Central New York winters are long. A colony that did not store sufficient honey reserves going into fall — or one that was too large relative to its stores — may have starved before spring arrived. A starved colony will often show bees clustered or scattered with heads buried in empty cells, the classic starvation posture. The cluster will feel light, and there will be no honey visible in the surrounding comb. Starvation is entirely preventable with good fall assessment and emergency feeding if needed. This is one area where intervention is appropriate and life-saving rather than contrary to stewardship philosophy.

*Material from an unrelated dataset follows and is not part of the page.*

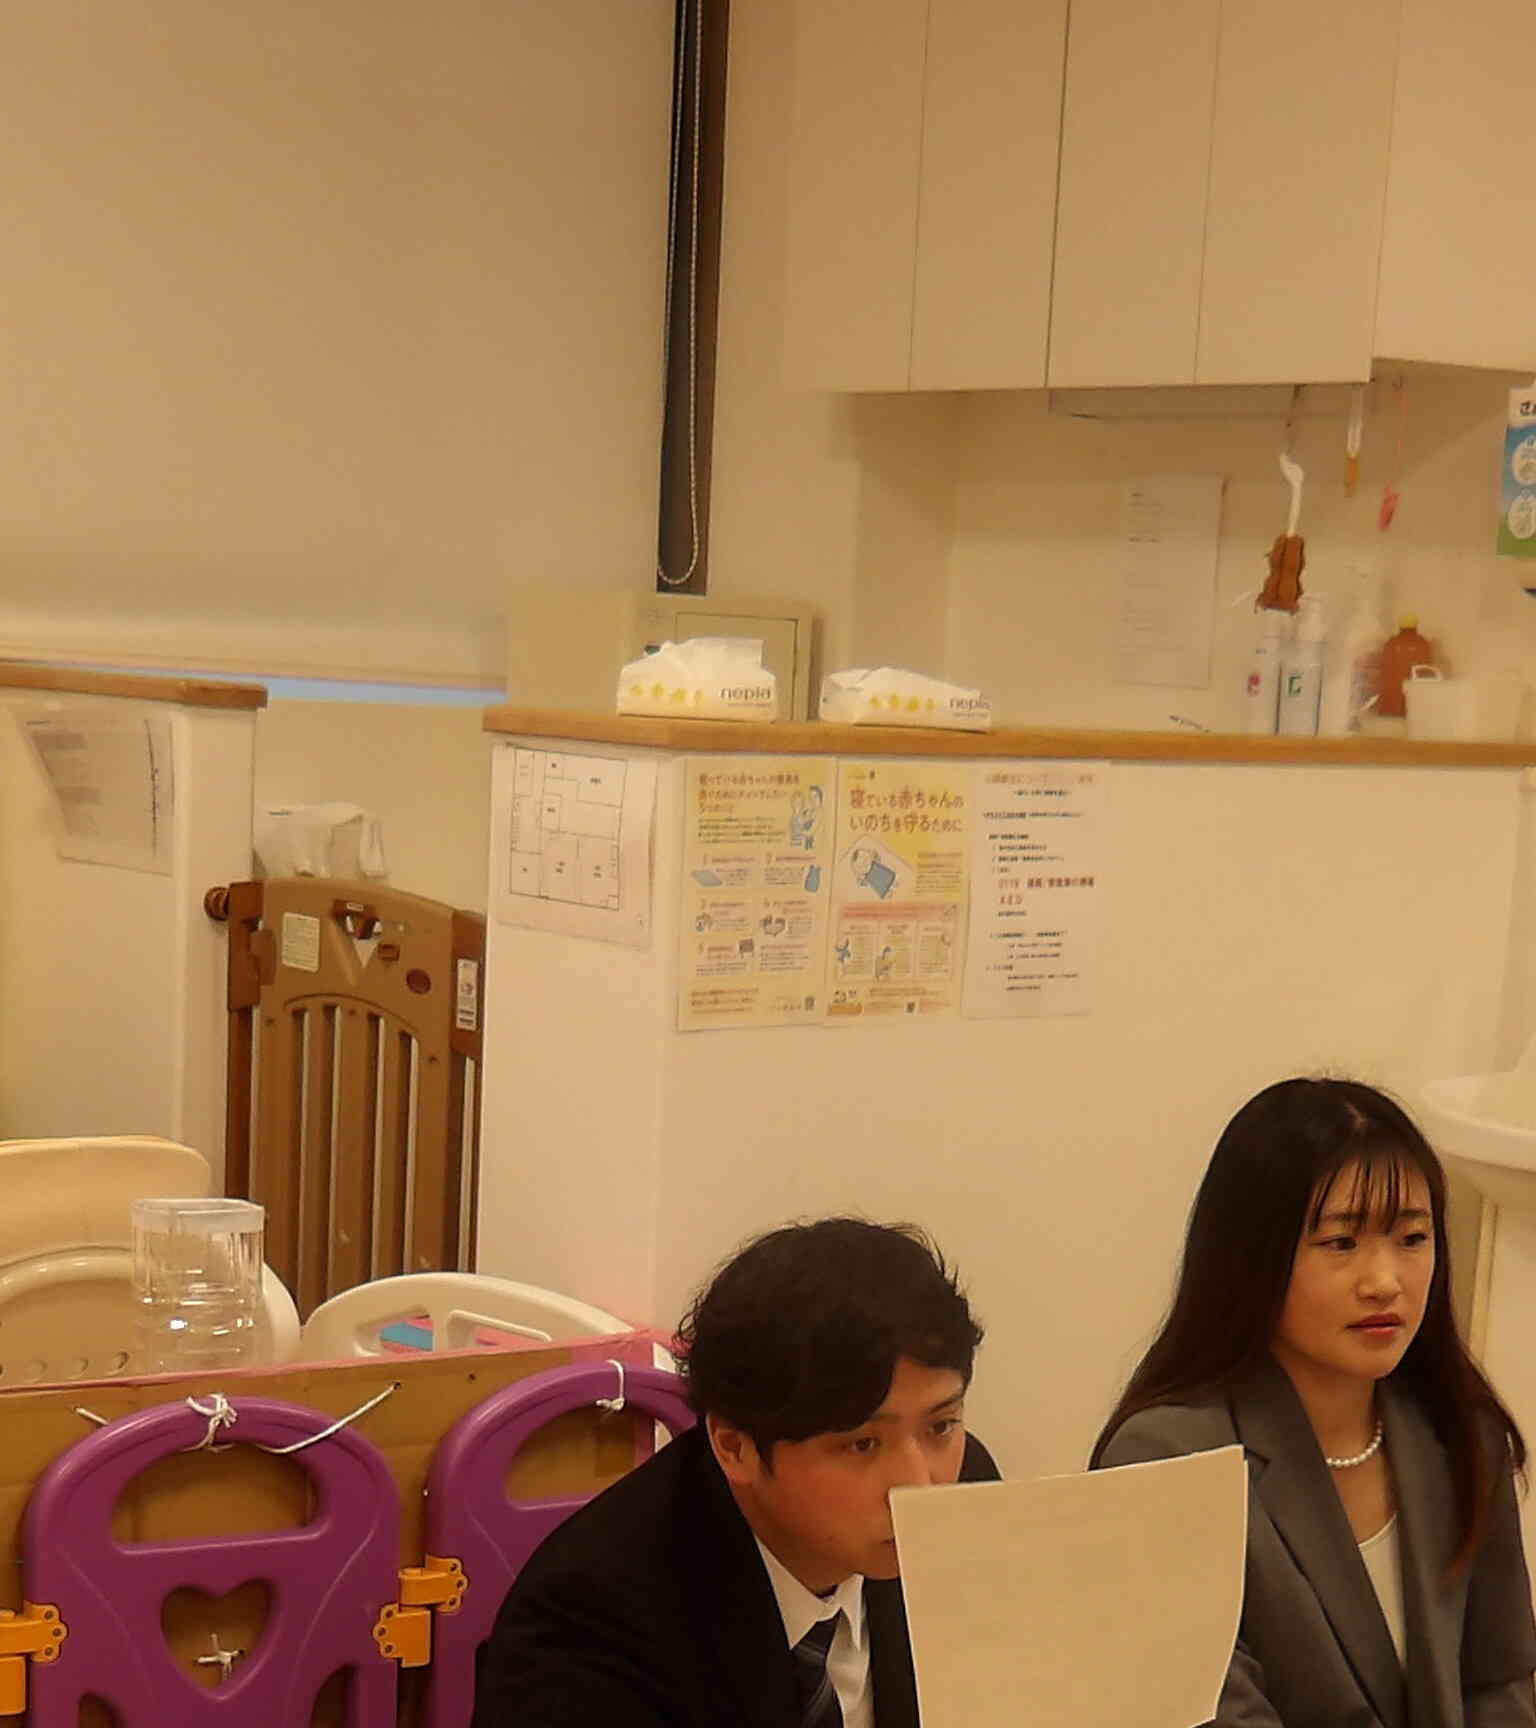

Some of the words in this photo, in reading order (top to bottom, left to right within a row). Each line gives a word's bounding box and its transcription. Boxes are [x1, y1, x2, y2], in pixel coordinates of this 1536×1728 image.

[850, 784, 964, 810] 寝ている赤ちゃんの
[850, 812, 963, 834] いのちを守るために

Varroa Collapse and Winter Virus Load

A colony carrying a heavy Varroa load going into fall is at severe risk of what is sometimes called “collapse.” As Varroa mites reproduce in sealed brood cells, they transmit viruses — most notably Deformed Wing Virus — to developing bees. The winter bees that are supposed to sustain the colony through cold months emerge compromised and short-lived. By the time spring arrives, the colony may appear to have vanished almost overnight despite appearing adequate in early fall. This pattern — a good-sized colony in September followed by near-total collapse by February — is one of the clearest signs of Varroa-driven winter die-off.


Moisture and Condensation Damage

An often-overlooked cause of winter colony failure in our humid upstate climate is excessive moisture. When warm moist air from the cluster rises and condenses on cold inner cover or hive walls, it can drip cold water onto the cluster below. Bees can survive cold. They cannot easily survive being wet and cold simultaneously. Good winter ventilation — even a small upper entrance or screened bottom board — can make a significant difference in helping moisture escape rather than accumulate. The Honey Hut helps buffer against some of these conditions, but attention to ventilation remains important regardless of hive housing.

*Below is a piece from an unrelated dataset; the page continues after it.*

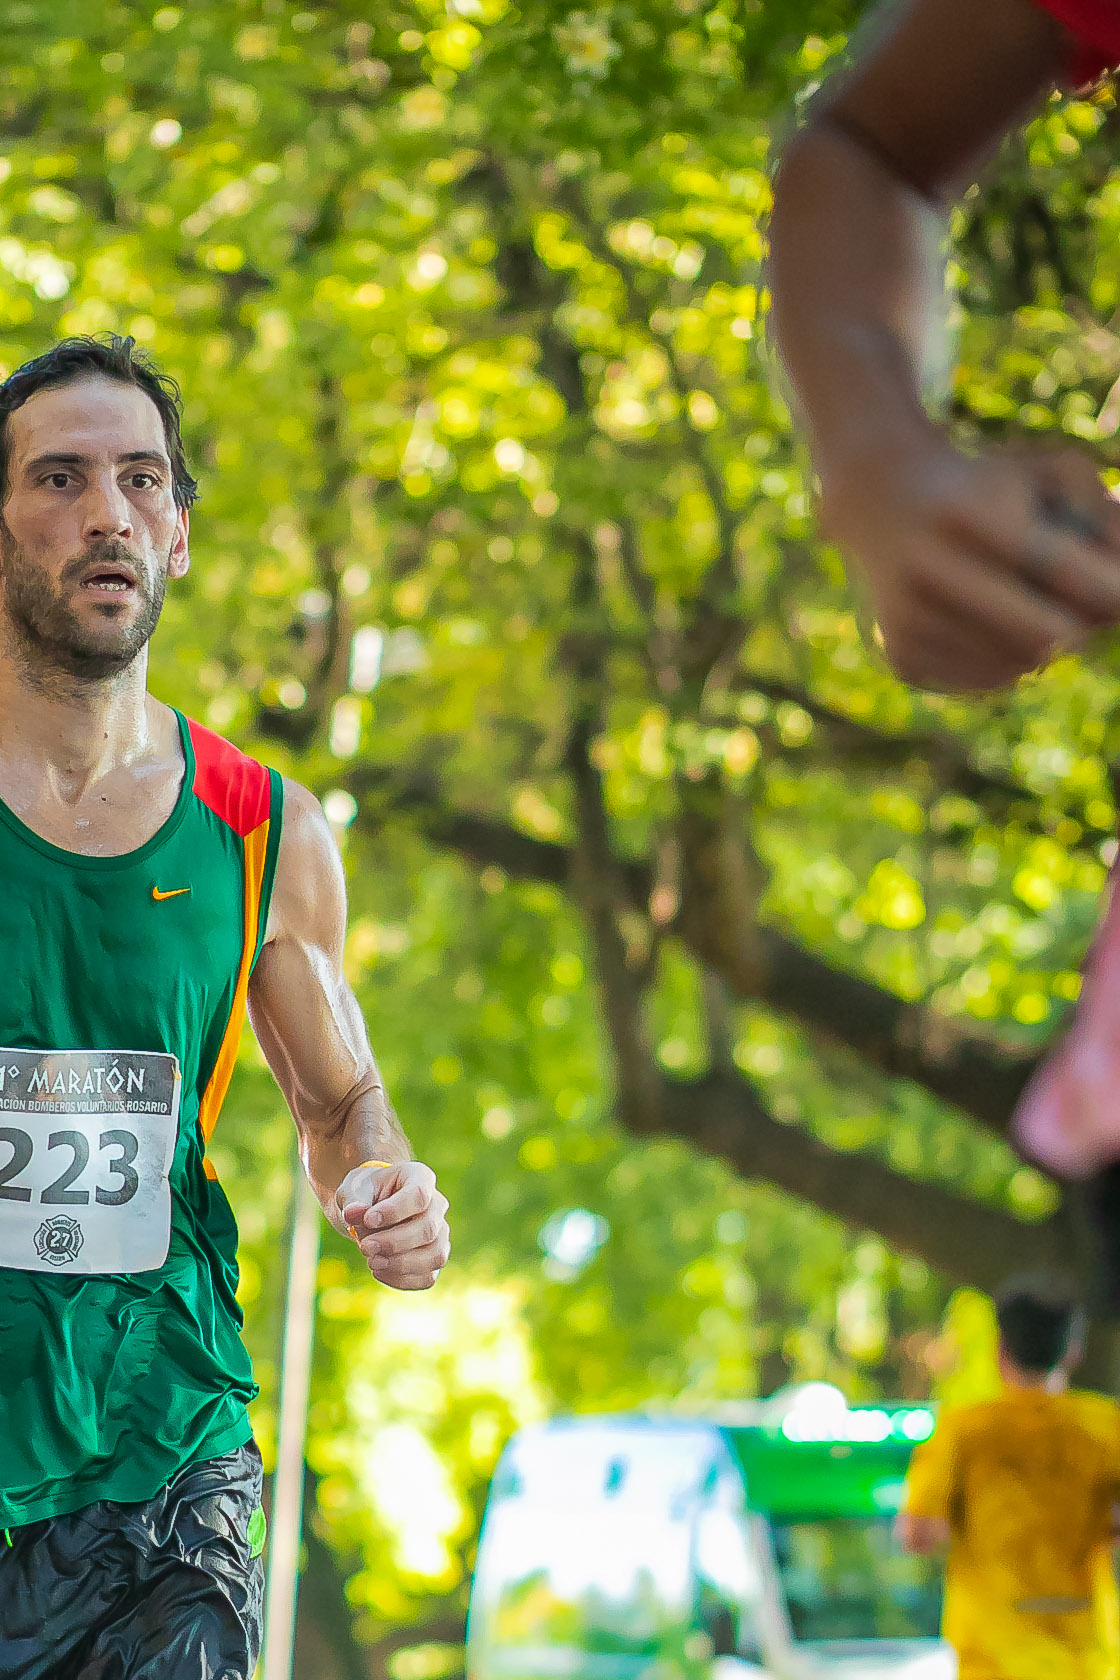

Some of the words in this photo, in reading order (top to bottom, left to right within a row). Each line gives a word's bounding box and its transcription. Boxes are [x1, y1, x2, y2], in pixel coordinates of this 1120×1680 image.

Isolation Starvation Within the Hive

This is one of the more counterintuitive causes of spring colony loss. A colony can actually starve to death while surrounded by honey if the cluster becomes isolated from its food stores during an extended cold snap. Bees cannot break the cluster to move across a gap of cold, empty comb to reach the honey on the other side. If the cluster forms in one area and the honey is stored beyond their reach, the colony can starve with food present. This is why comb arrangement and honey distribution within the hive matter greatly as colonies go into winter.


The lesson for CNY beekeepers is simple but requires patience: resist the urge to immediately intervene at the first quiet spring inspection. Look carefully, assess the evidence, and let the full picture emerge before drawing conclusions.


The Value of Close Examination — Including Microscopy

One of the greatest gifts a steward can give a struggling colony is accurate information. And one of the most powerful ways to gather that information — information that the naked eye simply cannot provide — is through close examination of bees, brood, and comb, including the use of microscopy.

Many colony problems are invisible to the casual observer. A bee that looks normal on the outside may be carrying a viral infection, a gut pathogen, or early-stage parasitic damage that only becomes apparent under magnification. By the time symptoms are visible to the naked eye, the problem has often been progressing for weeks or months.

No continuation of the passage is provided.